## [Problem details]
Please reproduce the records below exactly, omitting any pictures they contain.

++++ Data excerpts

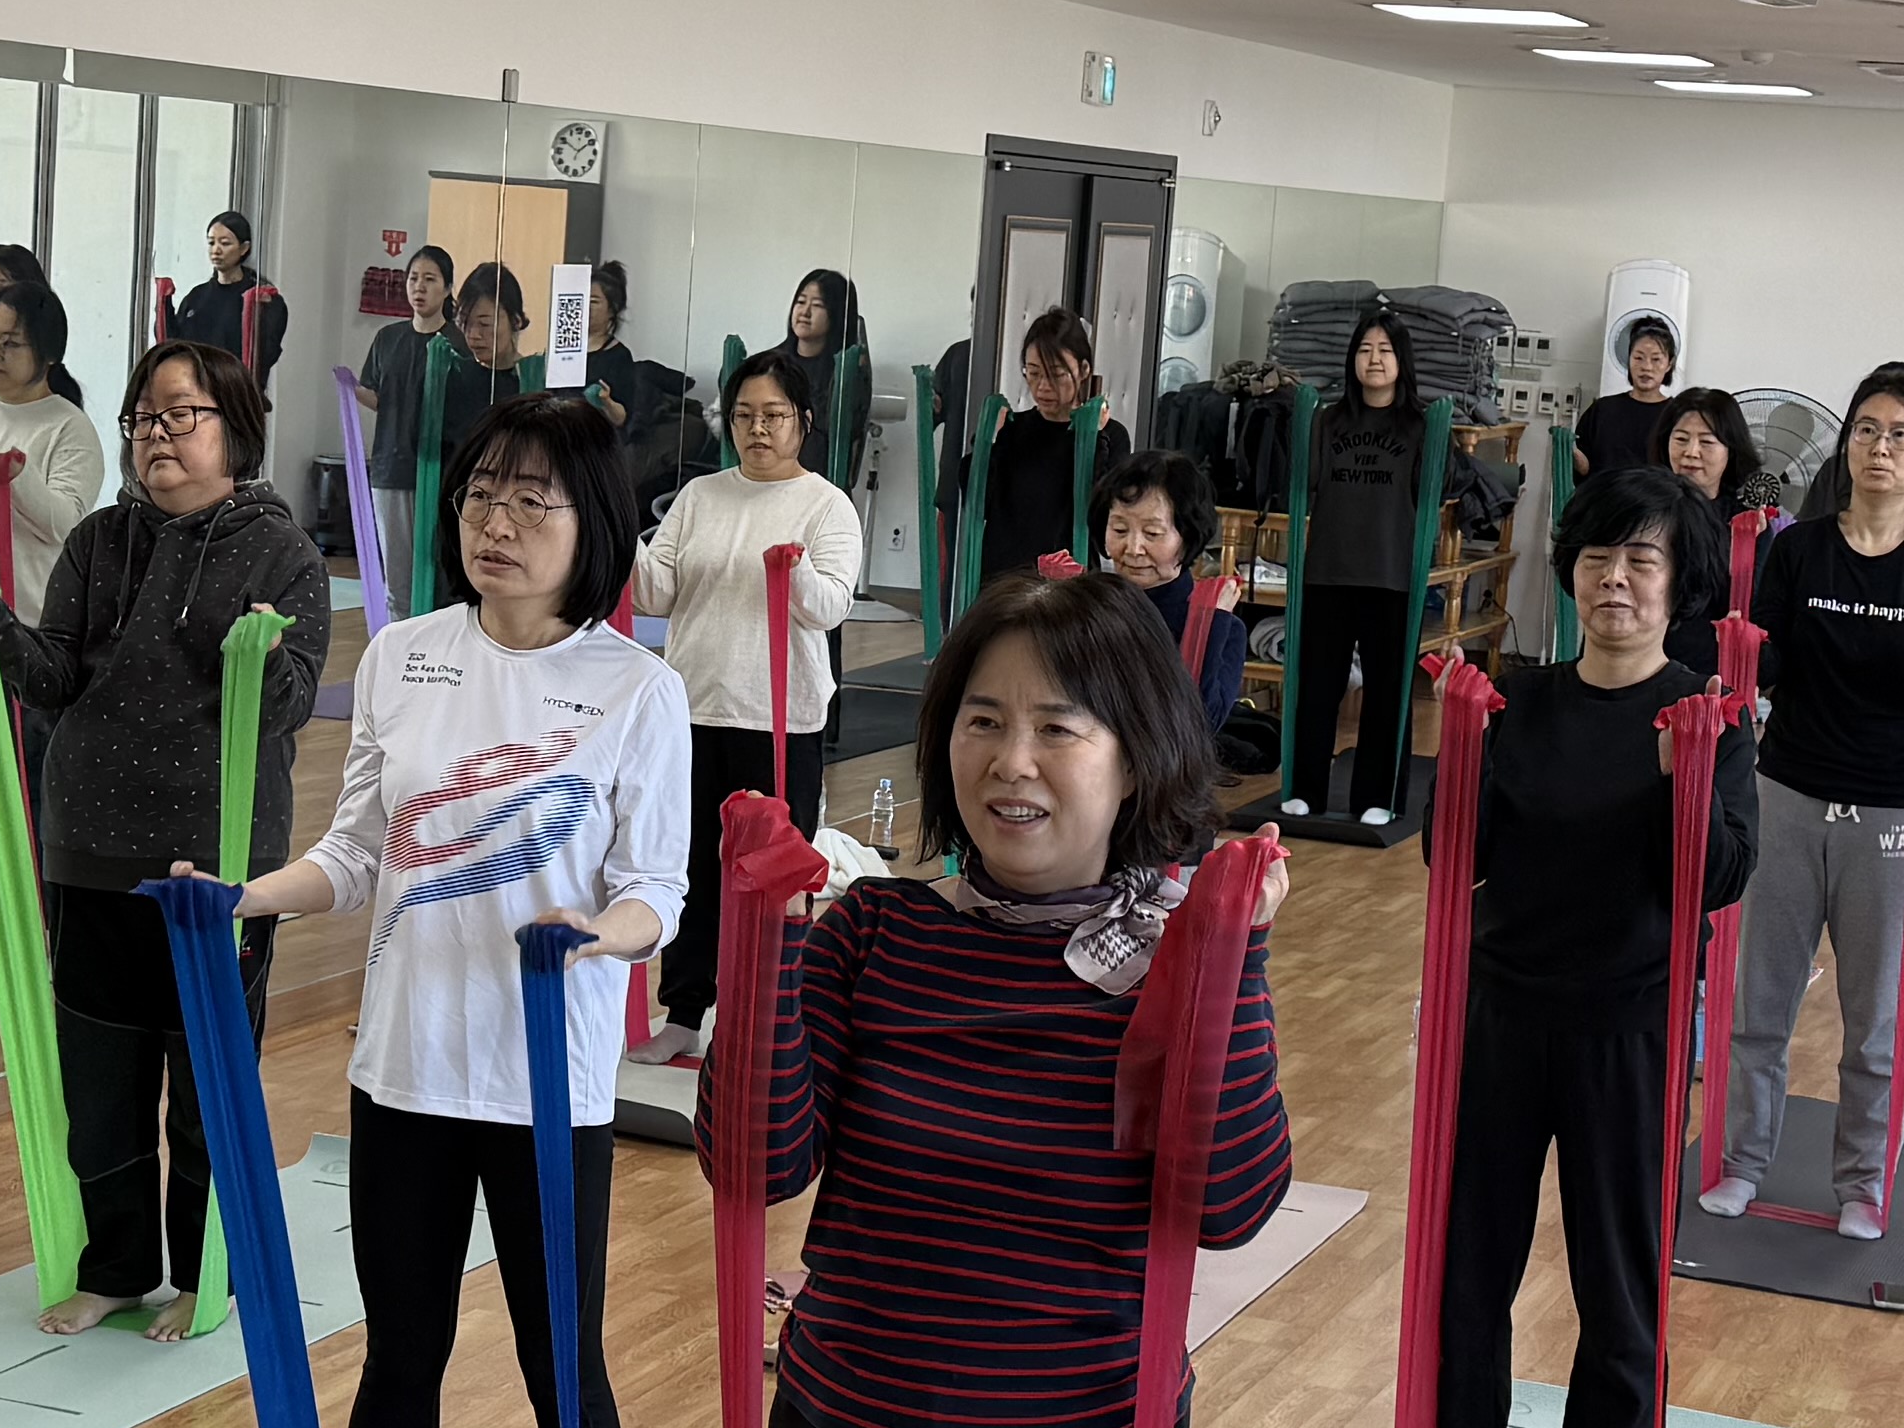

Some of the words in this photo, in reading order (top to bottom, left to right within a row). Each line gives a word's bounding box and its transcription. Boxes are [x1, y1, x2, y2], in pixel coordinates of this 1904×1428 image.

[1331, 431, 1407, 457] BROOKLYN
[1331, 468, 1361, 483] NEW
[1363, 470, 1393, 485] YORK
[1808, 597, 1851, 613] make
[1854, 603, 1866, 614] it
[542, 695, 605, 716] HYDROGEN

++++++++

## [Output of the task]
Some of the words in this photo, in reading order (top to bottom, left to right within a row). Each line gives a word's bounding box and its transcription. Boxes are [x1, y1, x2, y2], in pixel coordinates of this 1904×1428 image.

[1331, 431, 1407, 457] BROOKLYN
[1331, 468, 1361, 483] NEW
[1363, 470, 1393, 485] YORK
[1808, 597, 1851, 613] make
[1854, 603, 1866, 614] it
[542, 695, 605, 716] HYDROGEN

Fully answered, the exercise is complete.